Behind The Scenes

Stop-Motion bread monster aka "BREADWICH" terrorizes puppet-town for TOGO's

A behind-the-scenes look at the creation, fabrication and photography of a new sandwich commercial, using classic stop-motion techniques.

Feb 6, 2013


By Mark Sawicki

In the midst of all the cool things shared by the fine artists at SWSCA about the creation of the most awe-inspiring, realistic creatures on the planet, I have something a bit different to offer from the world of television advertising. A Looney leviathan, if you will, made with humble techniques and materials to create a goofy menace in a childlike world of buildings made of boxes, all for the sole purpose of promoting better sandwiches.

During my SWSCA stop motion lesson shoot I had the pleasure of meeting a very talented young artist named Sara Gerstel. I was very impressed by her dedication to model making and animation and we had loads of fun talking shop. As luck would have it Sara put me in touch with Matt Olmon of Elastic who was producing a TV commercial that needed a DP. I took the job immediately and was in a short time transported back to the MTV days I experienced in the 1980s.

Pictured Above: Director Lisha Tan positioning one of the delightful characters she designed.


The spot for Togos was directed by Lisha Tan who came up with the concept of a giant bread monster terrorizing a childlike cardboard town populated with puppets. This “Breadwich” creature embodied the horror of a sandwich with little or no meat. It was all to be done stop motion and the models and art were fabricated using collage method.  No ball and socket armatures here just bare bones wire and epoxy covered with… “stuff.”
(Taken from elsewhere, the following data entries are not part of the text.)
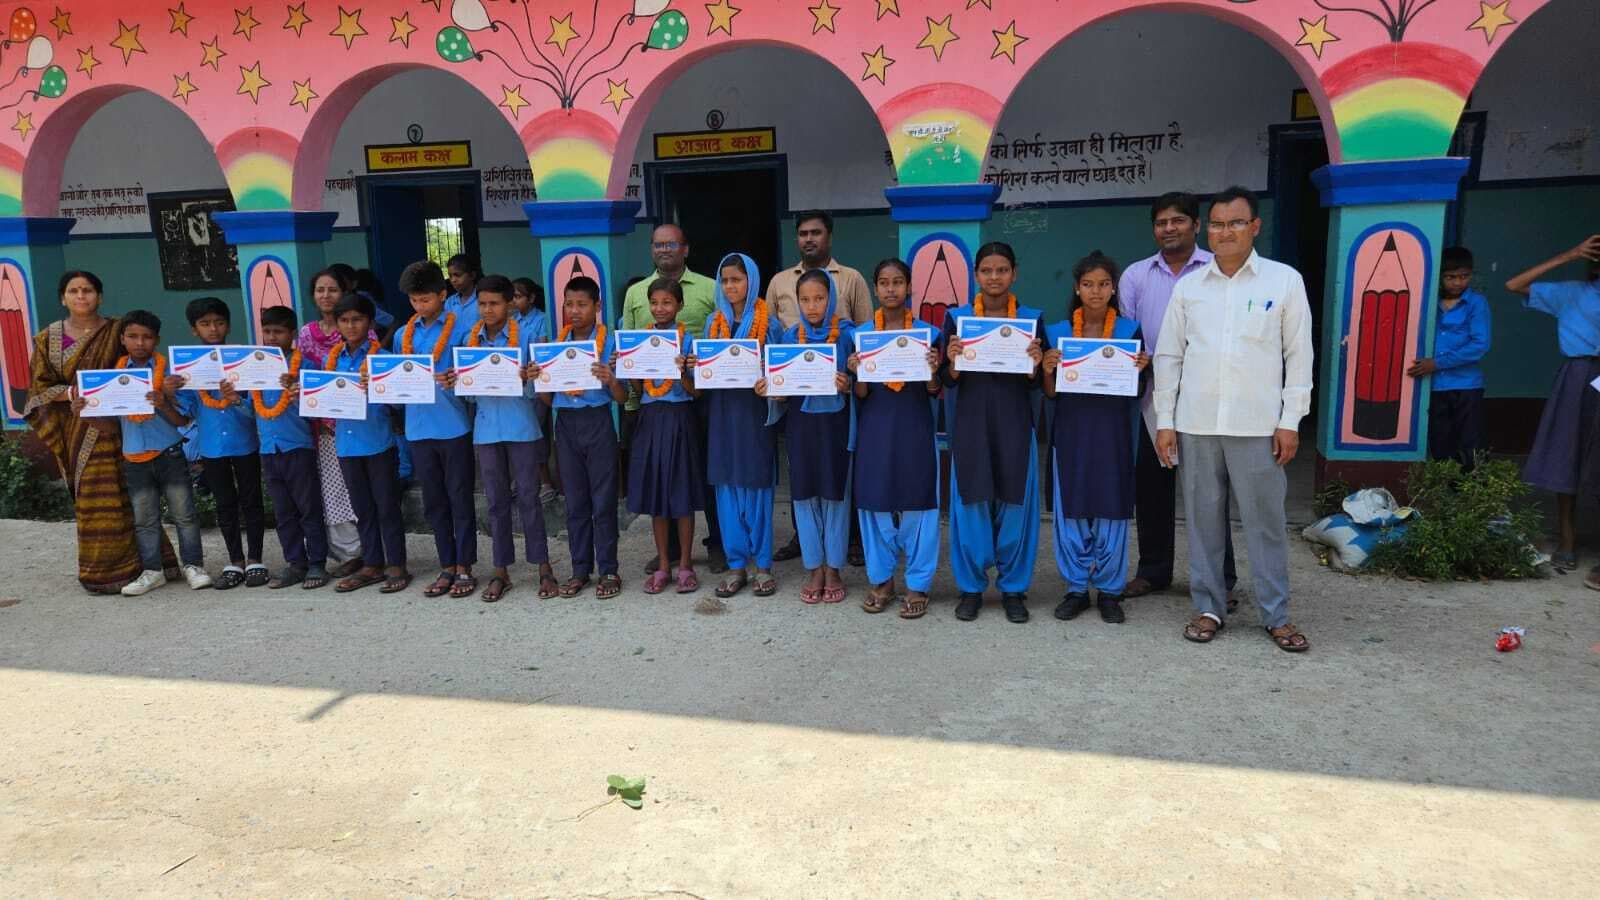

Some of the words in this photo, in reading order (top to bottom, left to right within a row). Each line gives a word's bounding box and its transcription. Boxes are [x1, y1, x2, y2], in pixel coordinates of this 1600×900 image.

[731, 135, 763, 149] कक्ष
[990, 132, 1008, 159] को
[1013, 132, 1045, 162] सिर्फ
[1048, 139, 1086, 159] उतना
[1089, 132, 1104, 158] ही
[1109, 131, 1165, 155] मिलता
[380, 150, 418, 165] कलाम
[423, 149, 453, 164] कक्ष
[1030, 162, 1062, 191] करने
[1062, 159, 1090, 186] वाले
Pictured Above: A puppet head in progress.  The eyes were small spheres held in place by clay eyelids.

This was real Gonzo-style animation production as practiced by bohemian rock video artists of old. They used doll parts, toy parts, Sculpey clay, fabric, foam rubber and glue to pastiche the characters into shape. Sculpture was used sparingly and most puppets were built up from the final raw materials of rubber and paint. It wasn’t slick and perfect, but ingenious and clever using selective crudeness to elicit innocence and charm with grace and polish.
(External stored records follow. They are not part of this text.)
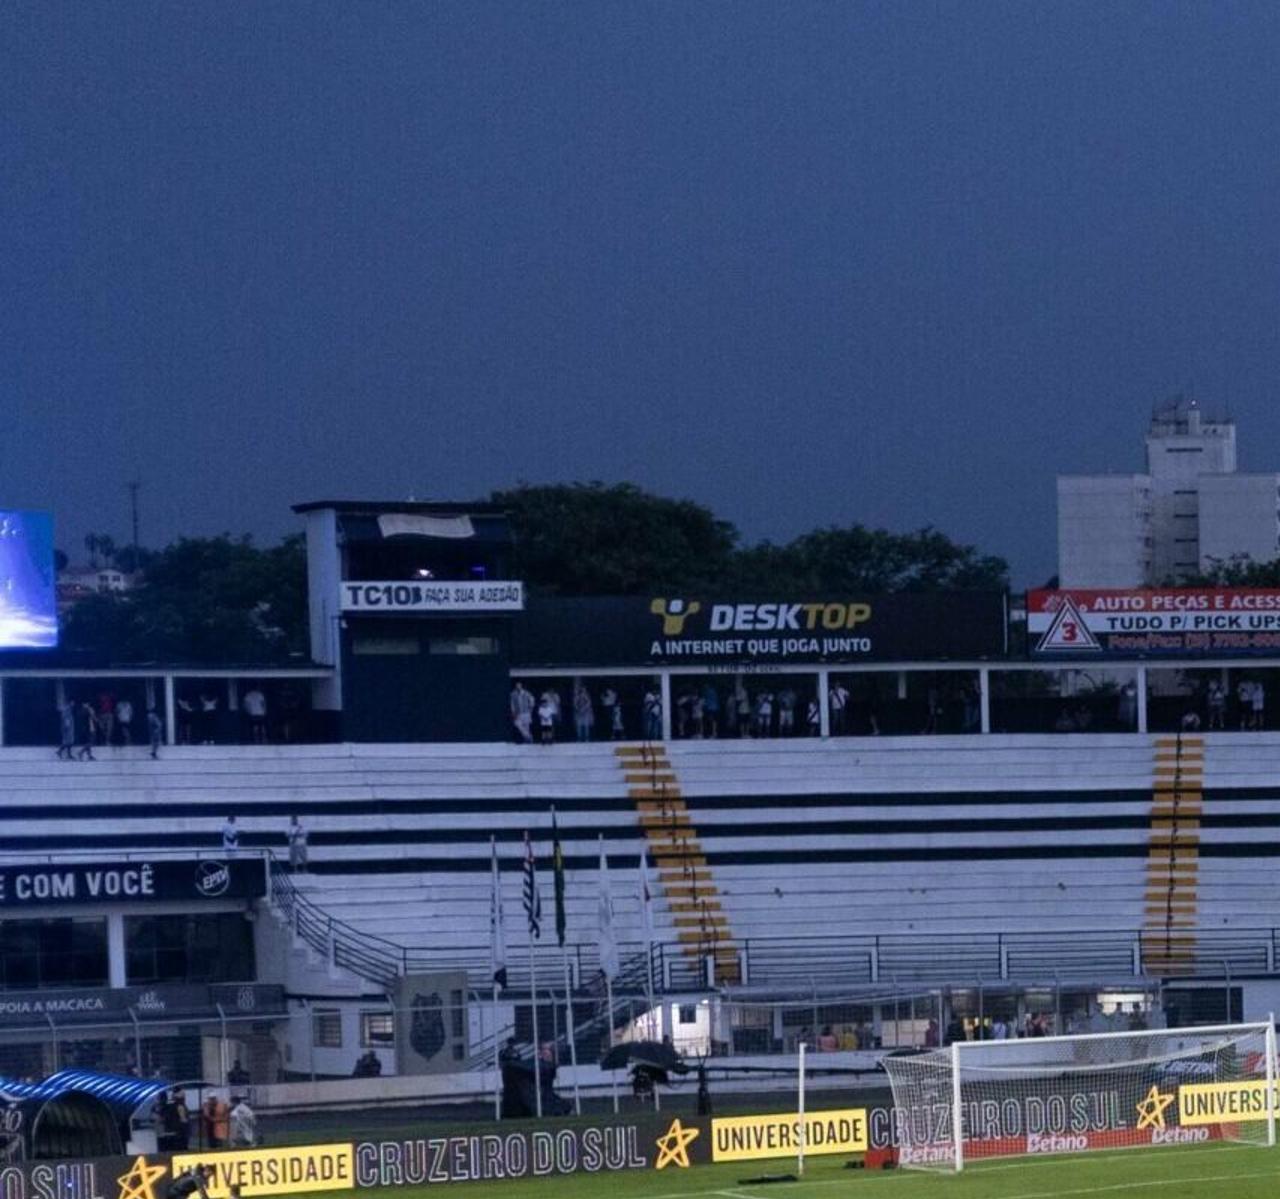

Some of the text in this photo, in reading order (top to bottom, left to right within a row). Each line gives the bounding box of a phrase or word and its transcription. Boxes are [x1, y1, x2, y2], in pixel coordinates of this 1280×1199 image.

[454, 587, 475, 603] SUA
[1093, 596, 1145, 611] AUTO
[1151, 595, 1209, 613] PEÇAS
[1215, 595, 1225, 609] E
[709, 603, 872, 632] DESKTOP
[1107, 617, 1163, 630] TUDO
[1194, 615, 1242, 629] PICK
[1061, 622, 1078, 642] 3
[650, 637, 871, 656] A INTERNET QUE JOGA JUNTO
[15, 872, 76, 900] COM
[84, 863, 155, 897] VOCÊ
[716, 1118, 863, 1152] UNIVERSIDADE
[1026, 1094, 1064, 1135] DO
[1070, 1090, 1128, 1133] SUL
[1027, 1132, 1089, 1153] Betano
[1151, 1126, 1209, 1144] Betano
[356, 1133, 528, 1188] CRUZEIRO
[533, 1128, 577, 1175] DO
[582, 1125, 646, 1171] SUL
Pictured Above: A puppet body. The figures were bolted from underneath to be able to stand on one foot without falling over.

Our “Ace” crew was comprised of Director Lisha Tan, Producer Matt Olmon, Lead animator Nicole Emmons, Lead fabricator Sara Gerstel, Production designer Jeff White, fabricators Caroline Kastelic and DanRae Wilson, Production artist Jon Forsman and myself, “Pop” Sawicki, as Director of Photography. 

Pictured Above: Lead fabricator Sara Gerstel fashions a toy Dinosaur leg around the simple wire and epoxy armature.

Jeff White did a brilliant job creating the sets and buildings using nothing more than corrugated cardboard boxes, crumpled paper and paint. Jeff was most accommodating in creating spaces for me to mount tiny fluorescent bulbs to illuminate the miniature sets. 

Pictured Above: The building up of the hero puppet required a LOT of scissor snipping.


The figures averaged about 12 inches in height and I remember having a bit of fun with one of the artists who asked how big the 5 story buildings would be.  I said “Well, since you are working at an inch to the foot for the figures, the buildings should be 5 to 8 feet tall.” The artists eyes got very wide at this point but I calmed the fear by saying: “Hey we’ve got a green screen we can shoot the puppets against so we’ll be able to size and composite them into much tinier sets.” This is exactly what we did, and since we had the luxury of using compositing, we also saved tons of animation time as well using a hybrid animation process. 

Pictured Above: The author, Mark Sawicki, with the final BREADWICH making sure the lighting is just right.  The green screen was 15 feet away to make sure there was no green spill light on the monster.


One shot demanded that we show a platoon of puppets running away from the giant breadwich monster. Trying to animate 10 puppets running down the street all at the same time would be a bit too Gonzo for even the craziest animation team and would be sure to lead to frustration and cost overruns. The solution was to animate each puppet against green for one run cycle and an exit, amounting to only 12 to 20 frames of animation per character. Lisha, who was not only directing the spot but executed the compositing in AfterEffects, found that it was a simple matter for her to cycle the puppets running while making them grow larger in the frame using software to create the illusion that they were running forward while compositing them within the much smaller scale street miniature.  When they got close to the camera she merely switched to the animation of the character running off one side of the screen or the other to exit. This made the big production shot of mass destruction a snap. The technique also gave us the ability to quickly change elements later at the agencies request.

Pictured Above: Sara shaping the BREADWICH puppet while wearing the appropriate goggles and mask for protection.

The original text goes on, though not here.